Klage auf vorsätzliche Falschberatung

03.12.15 09:05

Radevormwald droht Millionenverlust wegen Zinsderivaten

Von Lukas Rust

Nach zwei erfolglosen Gerichtsentscheidungen erwägt der Stadtrat von Radevormwald den Gang zum Bundesgerichtshof, um den Fall gegen die Erste Abwicklungsanstalt (EAA) in letzter Instanz doch noch zu gewinnen. Die WestLB, deren Nachlass die EAA verwaltet, soll die Kommune bei Zinsderivaten falsch beraten haben.

Radevormwald plädiert vor Gericht gegen die EAA auf vorsätzliche Falschberatung und will so einem Millionenverlust entgehen.

Fotoquelle: onypix/iStock/Thinkstock/Getty Images

Radevormwald plädiert vor Gericht gegen die EAA auf vorsätzliche Falschberatung und will so einem Millionenverlust entgehen.

Am 8. Dezember dieses Jahres beruft der Bürgermeister der Stadt Radevormwald, Johannes Mans, eine außerordentliche Ratssitzung ein. Wie das Nachrichtenportal der Rheinischen Post rp-online berichtet, wird dort darüber diskutiert, ob man die Klage gegen die Erste Abwicklungsanstalt (EAA), die den Nachlass der WestLB verwaltet, vor den Bundesgerichtshof bringt. Bei dem Fall geht es darum, dass Radevormwald bei dem Abschluss von Zinswetten falsch beraten worden sein soll. Die Frage ist nur: fahrlässig oder vorsätzlich?

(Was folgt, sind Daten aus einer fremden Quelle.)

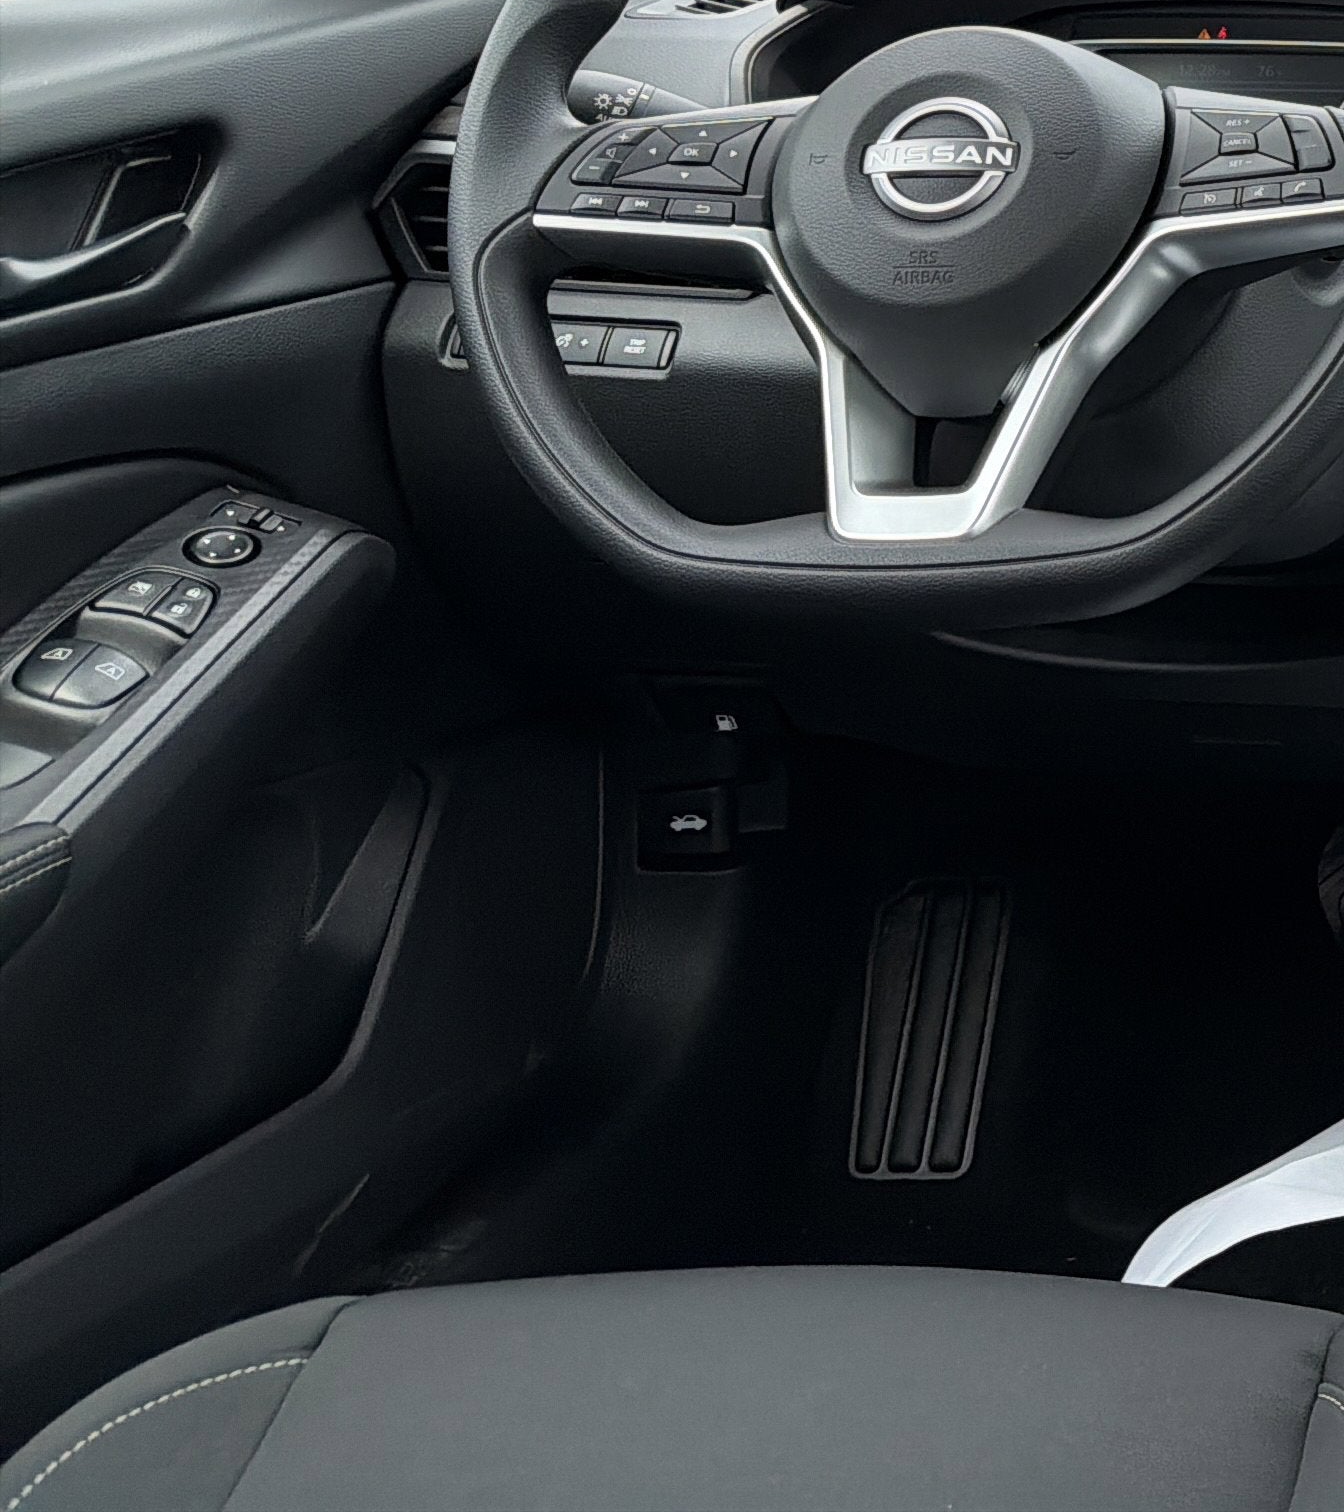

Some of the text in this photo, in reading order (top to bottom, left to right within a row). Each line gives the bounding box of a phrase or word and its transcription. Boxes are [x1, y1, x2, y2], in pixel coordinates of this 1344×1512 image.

[683, 148, 699, 156] OK
[868, 145, 1013, 170] NISSAN
[909, 251, 939, 264] SRS
[893, 270, 954, 285] AIRBAG
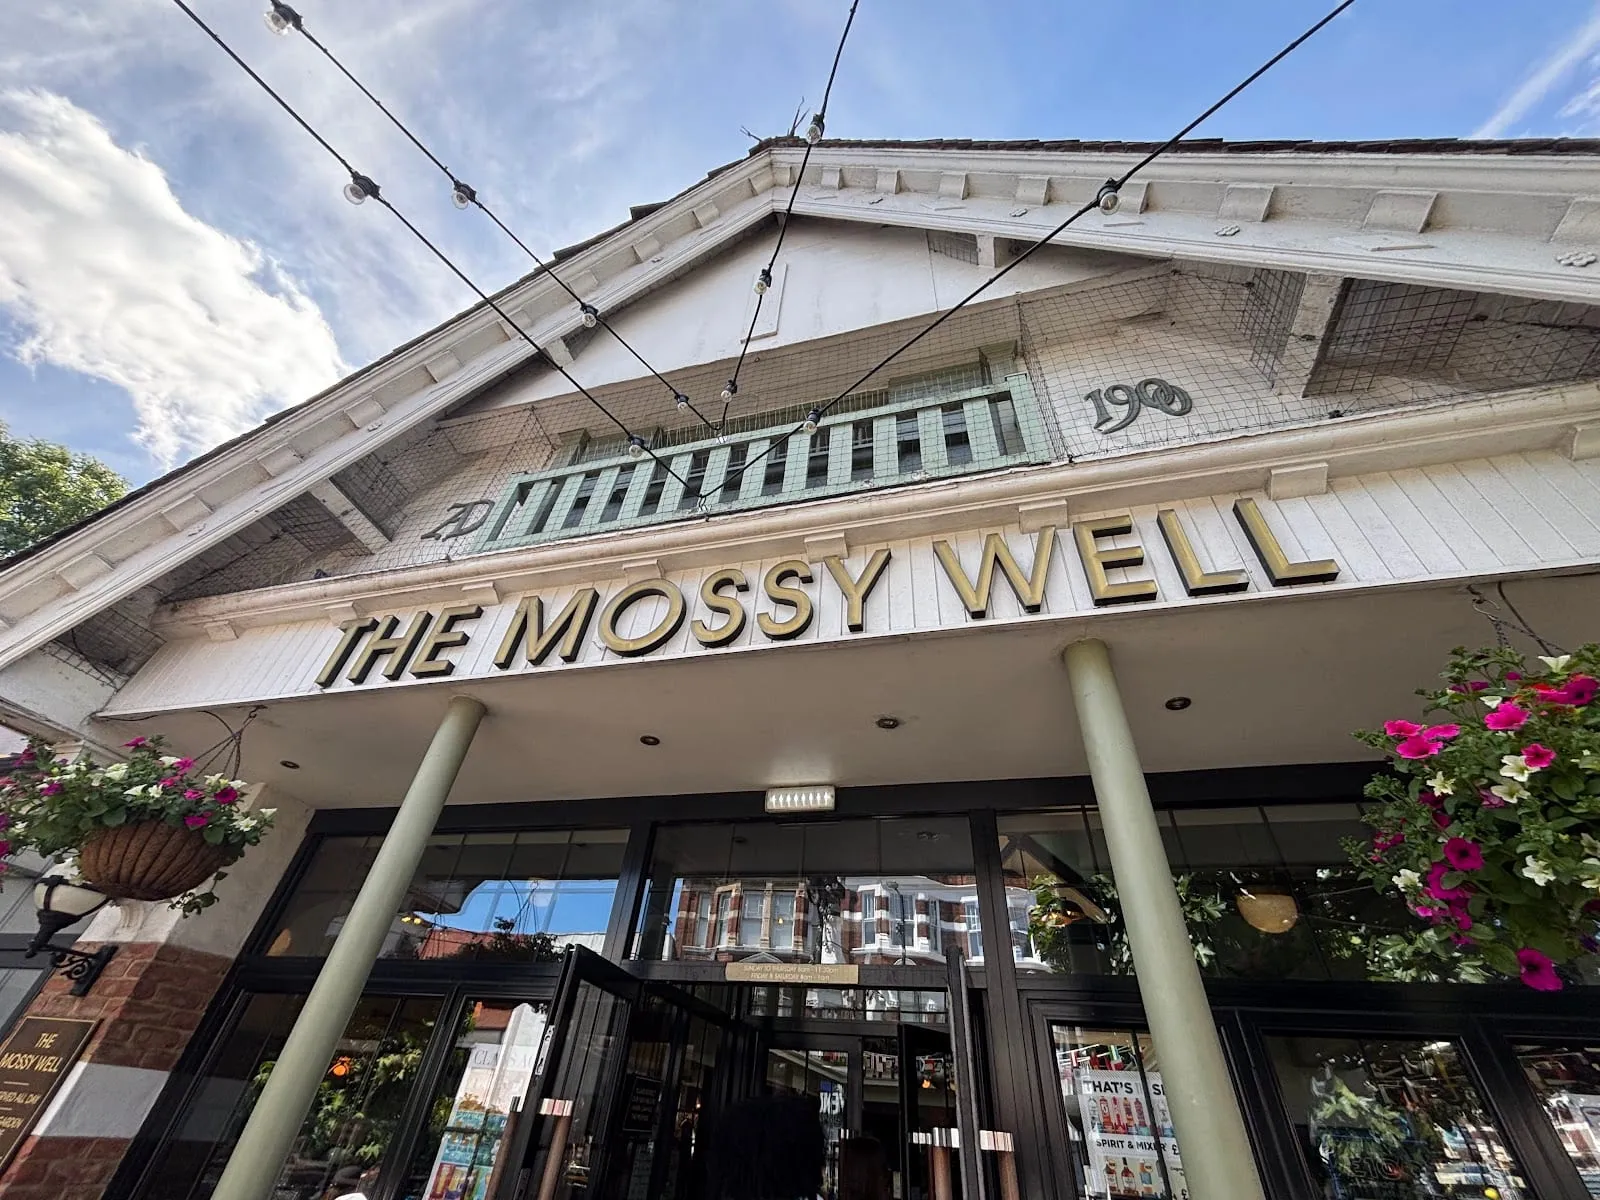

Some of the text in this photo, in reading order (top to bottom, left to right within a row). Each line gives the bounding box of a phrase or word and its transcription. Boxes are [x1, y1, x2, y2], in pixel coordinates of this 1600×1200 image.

Nach Angaben des Kämmerers Frank Nipken ist der Kommune durch sechs derartige Deals ein Kostenrisiko von sieben Millionen Euro entstanden. Grund hierfür sind negative Marktwerte der Geschäfte, über die Radevormwald im Vorfeld hätte informiert werden müssen.

Der Bundesgerichtshof als letzter Ausweg

Das Landgericht Köln hat 2013 auf fahrlässig falsche Beratung der Mitarbeiter der WestLB entschieden. Prinzipiell zieht das Urteil eine Schadensersatzpflicht nach sich. Da diese jedoch nach drei Jahren verjährt und fünf der sechs Zinsswaps 2009 abgewickelt worden sind, hat Radevormwald keinen Anspruch auf Schadensersatz. Das Landgericht hätte auf vorsätzlich falsche Beratung plädieren müssen, damit die Verträge als nichtig hätten erklärt werden können.

In der nächsthöheren Instanz wurde die Klage auf vorsätzlich falsche Beratung ebenso abgewiesen. Wie rp-online schreibt, hat das Oberlandgericht Köln die Stadt sogar zu einer Zahlung von 1,75 Millionen Euro plus Zinsen verurteilt. Als letzte Möglichkeit bleibt jetzt nur noch der BHG in Karlsruhe.